As a financial system develops, “gambling” takes the place of labour as the original method of acquiring capital wealth. This wealth also constitutes the banker’s capital. The development of capitalism necessitates the expansion of credit. As the markets expand and become more distant from the source of production (globalisation), credit must be prolonged. The prolonging of the credit results in greater and greater reliance on speculation which start to dominate transactions.The credit system efficiently ensures that global capital appears sound right until the eve of the crash. Crashes in the financial sector are caused due to fictitious capital and its sources being abstracted away from reality to such an extent that the entire system is hypersensitive to fluctuations in credit and speculation.

As the financial system develops, and becomes more convoluted, the accumulation of loanable money capital increases disproportionately. Capitalists store their vast amounts of wealth in banks to be used in the future to purchase fictitious capital. Even with the lack or shortage of resources, banks can artificially maintain their levels of reserves thanks to prolonged credits, appeals to central banks to print more money etc. and thus appear to function normally even in largely debt based economies - quite common in the world today.

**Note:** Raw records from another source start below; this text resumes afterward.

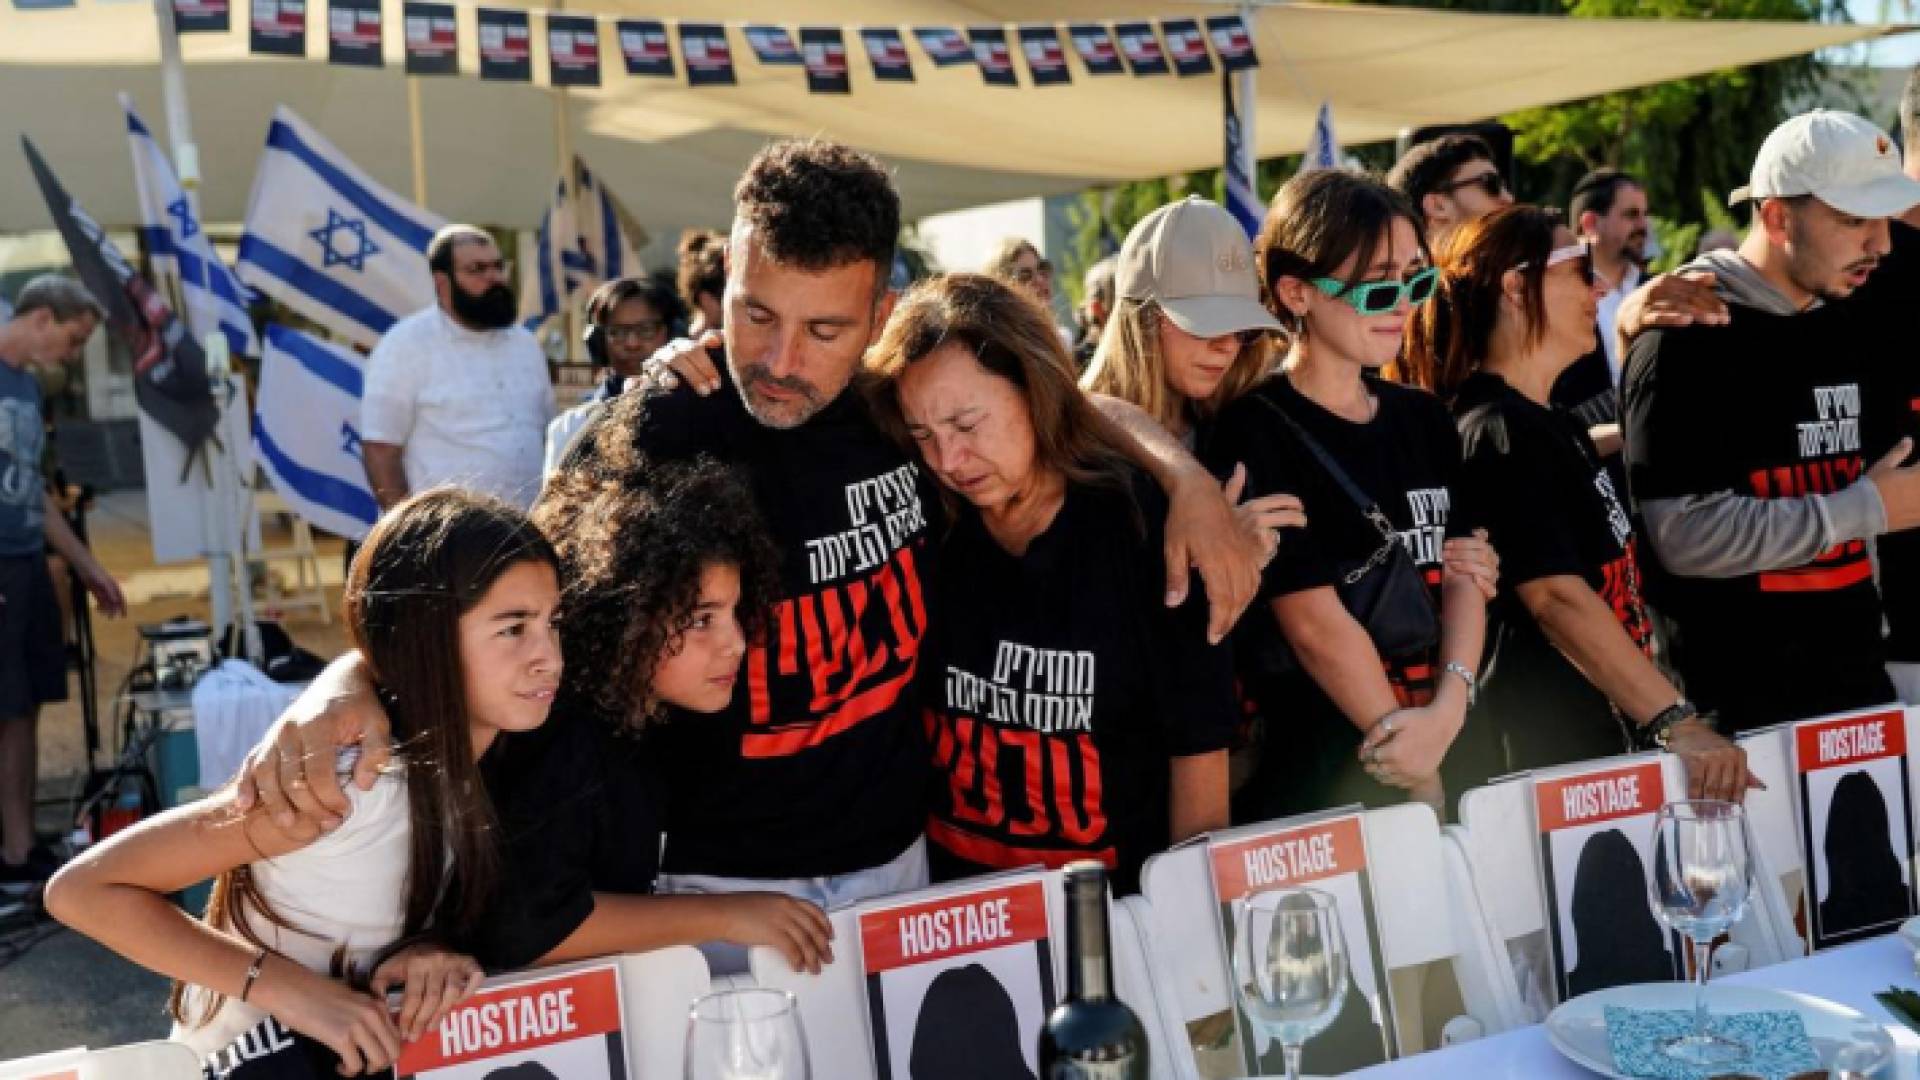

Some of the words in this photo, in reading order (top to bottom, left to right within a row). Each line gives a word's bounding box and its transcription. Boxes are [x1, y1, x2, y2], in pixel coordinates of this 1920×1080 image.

[804, 523, 889, 584] הביתה
[946, 664, 1020, 724] הביתה
[993, 640, 1095, 694] מחזירים
[1024, 692, 1095, 732] אותם
[1818, 720, 1887, 762] HOSTAGE
[1562, 775, 1642, 821] HOSTAGE
[1244, 832, 1338, 889] HOSTAGE
[900, 898, 1013, 957] HOSTAGE
[439, 988, 577, 1057] HOSTAGE

What keeps the system afloat therefore is faith. The bankers place huge quantities of the public’s money-capital at the disposal of the capitalists who use the loans for capitalisation i.e. to grow and in a lot of cases don’t pay back loans in the short run. The effect of this is a cycle of borrowing followed by investing into capital (real or fictitious) to extract surplus and then to pay back the loan using the surplus and finally borrow again ad infinitum.

This brings us to the PNB scam. The PNB in its own carelessness, characteristic of the financial sector and not a mere accident, issued Letters of Undertaking which enabled Nirav Modi to borrow overseas even though he didn’t have the resources to. Already we can see that a distortion has taken place. A party without the resources to invest, is relying on artificially created money (realised in the LoU) to buy something of real value (diamond roughs). Perhaps the carelessness of PNB can be excused as an accident but a transaction requires two parties. The counterpart bank to whom the LoU was issued accepted it and not once have any of the banks involved questioned the validity of these LoUs even after the amount extracted by Modi grew larger and larger with the increase in the number of loans. Most commentators have taken to assuming that this was because no one had any reason to question the authorisations. But in reality, the bank as an institution throws a blind eye to its own cash cow- loans unless its own transactions would result in a loss. This is why the lower you go on the economic ladder, the harder it is to obtain loans because the chances of the bank going in for a loss is higher. They like to call this risk and as a feature of the capitalist system it plays a huge role in ensuring that unimportant things like validity of loans, pollution and environmental degradation, laws and regulations etc do not supersede profit.

Thus had this scam not been unearthed, the loans would continue to be authorised until the originating bank (PNB) would have to resort to a bail-in or a bail-out, either way shifting liability onto the masses, all for one person. This is the irrationality of the system we live in. If there is one thing global capitalism is most efficient in, it is to create loopholes or use existing ones to the greatest efficiency. Introducing more secure technological systems, political dirt slinging etc. are only ways of distracting the masses from the real causes of the problem and at best will only create a ripple in the ocean but to crash the ship, a tempest is needed and that requires a complete overhaul of this irrational system.